Strains or plasmids | Main characteristics | Source or references |
ATCC®10031™ | K. pneumoniae subsp. pneumoniae reference strain | ATCC |
ATCC®10031TM-pCA24N | K. pneumoniae subsp. pneumoniae reference strain with expression plasmid pCA24N | This study |
ATCC®10031TM-pCA24N (pemK/pemI) | K. pneumoniae subsp. pneumoniae reference strain with expression plasmid pCA24N with the type II TA system pemK/pemI | This study |
ATCC®10031TM-pCA24N (pemK) | K. pneumoniae reference strain with expression plasmid pCA24N with the toxin pemK | This study |
pCA24N | Expression plasmid cmR, LacIq | 40 |
pCA24N (pemK/pemI) | Expression plasmid pCA24N with the TA system pemK/pemI | 28 |
pCA24N (pemK) | Expression plasmid pCA24N with the TA system pemK | 28 |
ST405-OXA48 | Clinical strain isolated from wound (Genbank accession no. WRXJ00000000) harboring the carbapenemase OXA-48 and the TA system pemK/pemI | 1 |
ST16-OXA48 | Clinical strain isolated from Urine (Genbank accession no. WRXF00000000) harboring the carbapenemase OXA-48 and the TA system pemK/pemI | 1 |
ST13-OXA48 | Clinical strain isolated from rectal sample (Genbank accession no. WRWZ00000000) harboring the carbapenemase OXA-48 and the TA system pemK/pemI | 1 |
ST15-OXA48a | Clinical strain isolated from axillary smear (Genbank accession no. WRWX00000000) harboring the carbapenemase OXA-48 and the TA system pemK/pemI | 1 |
ST11-OXA48 | Clinical strain isolated from urine (Genbank accession no. WRWW00000000) harboring the carbapenemase OXA-48 and the TA system pemK/pemI | 1 |
ST974-OXA48 | Clinical strain isolated from urine (Genbank accession no. WRWT00000000) harboring the carbapenemase OXA-48 and the TA system pemK/pemI | 1 |
ST15-OXA48b | Clinical strain isolated from blood harboring the carbapenemase OXA-48 and the TA system pemK/pemI | This study |
ST15-OXA48c | Clinical strain isolated from blood harboring the carpabemase OXA-48 and the TA system pemK/pemI | This study |
Isolation and propagation of lytic phage
Ten lytic phages isolated from environmental water samples were used in this study. Briefly, 50 mL of water were taken near sewage plants and kept at room temperature until processing in the laboratory. Once in the laboratory, the samples were vortexed and centrifuged 4000 × g 10 min. The supernatant was recovered and filtered through with 0.45 µm and 0.22 µm filters, to remove the cells and debris. Then, 1 mL of the filtered samples was added to 500 µL of K. pneumoniae ATCC®10031™ in 4 mL soft agar (0.5 % NaCl, 1 % tryptone and 0.4 % agar; supplemented with 1 mM CaCl2) and poured onto TA agar plates (0.5 % NaCl, 1 % tryptone and 1.5 % agar; supplemented with 1 mM CaCl2); i.e., the double-layer method. Plates were incubated at 37 ºC. Isolated plaques of different morphology (i.e., plaque size and presence of a surrounding halo) were then recovered by picking with a micropipette and stored at -70 ºC. In order to check the isolated plaques and purify them, two additional plaque assays and plaque picking steps were performed.
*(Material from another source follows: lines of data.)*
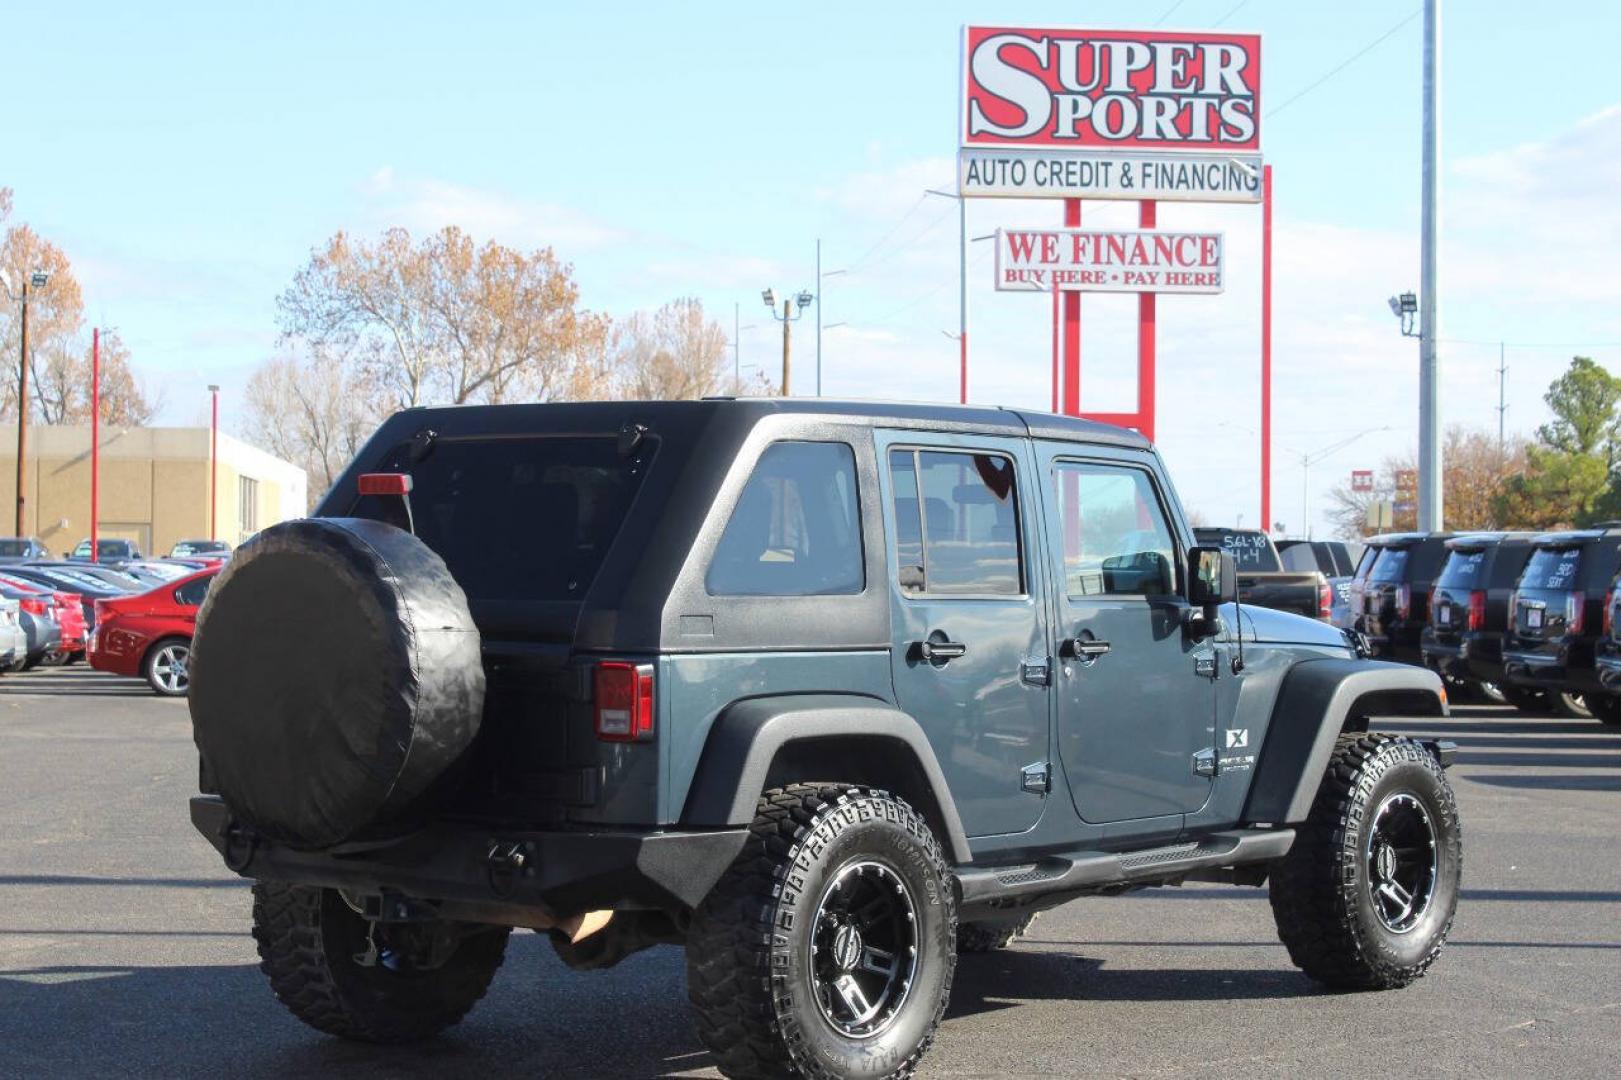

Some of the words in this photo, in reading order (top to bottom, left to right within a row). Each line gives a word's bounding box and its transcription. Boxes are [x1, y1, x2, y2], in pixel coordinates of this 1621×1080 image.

[969, 33, 1254, 139] SUPER
[966, 158, 1027, 187] AUTO
[1034, 160, 1113, 188] CREDIT
[1120, 161, 1134, 189] &
[1141, 162, 1260, 191] FINANCING
[1006, 232, 1060, 264] WE
[1070, 234, 1220, 267] FINANCE
[1005, 269, 1046, 283] BUY
[1051, 270, 1107, 285] HERE
[1123, 271, 1160, 285] PAY
[1165, 272, 1221, 287] HERE
Propagation of phage and transmission electron microscopy
Plaque-purified phages were amplified in LB liquid media supplemented with 1 mM CaCl2 (LB-CaCl2) with shaking (180 rpm) at 37 ºC by infecting an early logarithmic growth phase culture of ATCC®10031™ (OD600nm = 0.3–0.4). After lysis, i.e. when the culture appear clear, bacteria and debris were removed by centrifugation (2300 × g 10 min) and filtration through 0.45 µm. Finally, the supernatants were tittered by the double-layer method by serial dilutions in SM buffer (0.1 M NaCl, 10 mM MgSO4, 20 mM Tris-HCL pH 7.5) and stored at 4 ºC. Part of each high titer phages was processed by negatively stained with 1 % aqueous uranyl acetate and then, analyzed by transmission electron microscopy on a JEOL JEM-1011 electron microscope.
Phage DNA extraction and whole genome sequencing (WGS)
Genomic phage DNA was isolated from the strains with the phenol:chloroform method following the phagehunting protocol (https://phagesdb.org/media/workflow/protocols/pdfs/PCI_SDS_DNA_Extraction_2.2013.pdf). DNA concentrations and quality were measured using Nanodrop ND-10000 spectrophotometer (NanoDrop Technologies, Waltham, MA, USA) and Qubit fluorometer (Thermo Fisher Scientific, USA). Next, genomic libraries were prepared using the Nextera XT Library prep kit (Illumina), following the manufacter’s instructions and the distribution of fragments lengths was checked in the Agilent 2100 Bioanalyser, using the Agilent Hight sensitivity DNA kit. Libraries were purified using the Mag-Bind RXNPure plus magnetic beads (Omega Biotek) and finally, the pool was sequenced in Miseq platform (Illumina Inc, USA). The quality of the FASTQ files was checked using the software FastQC41 and summarized using MultiQC42. Sequences of 300 bp paired-end reads of each isolate were assembled “de novo” with Spades V.3.15.243. All assembly were annotated using Patric 3.6.9 (http://www.patricbrc.org), Blastx (http://blast.ncbi.nlm.nih.gov), HHmer (http://hmmer.org) and HHpred (https://toolkit.tuebingen.mpg.de/tools/hhpred). The determination of the family and genus of the different phages was performed by sequence homology with the phage sequences available in the NCBI database. Complete genome sequences were included in GenBank BioProject PRJNA739095 (http://www.ncbi.nlm.nih.giv/bioproject/739095).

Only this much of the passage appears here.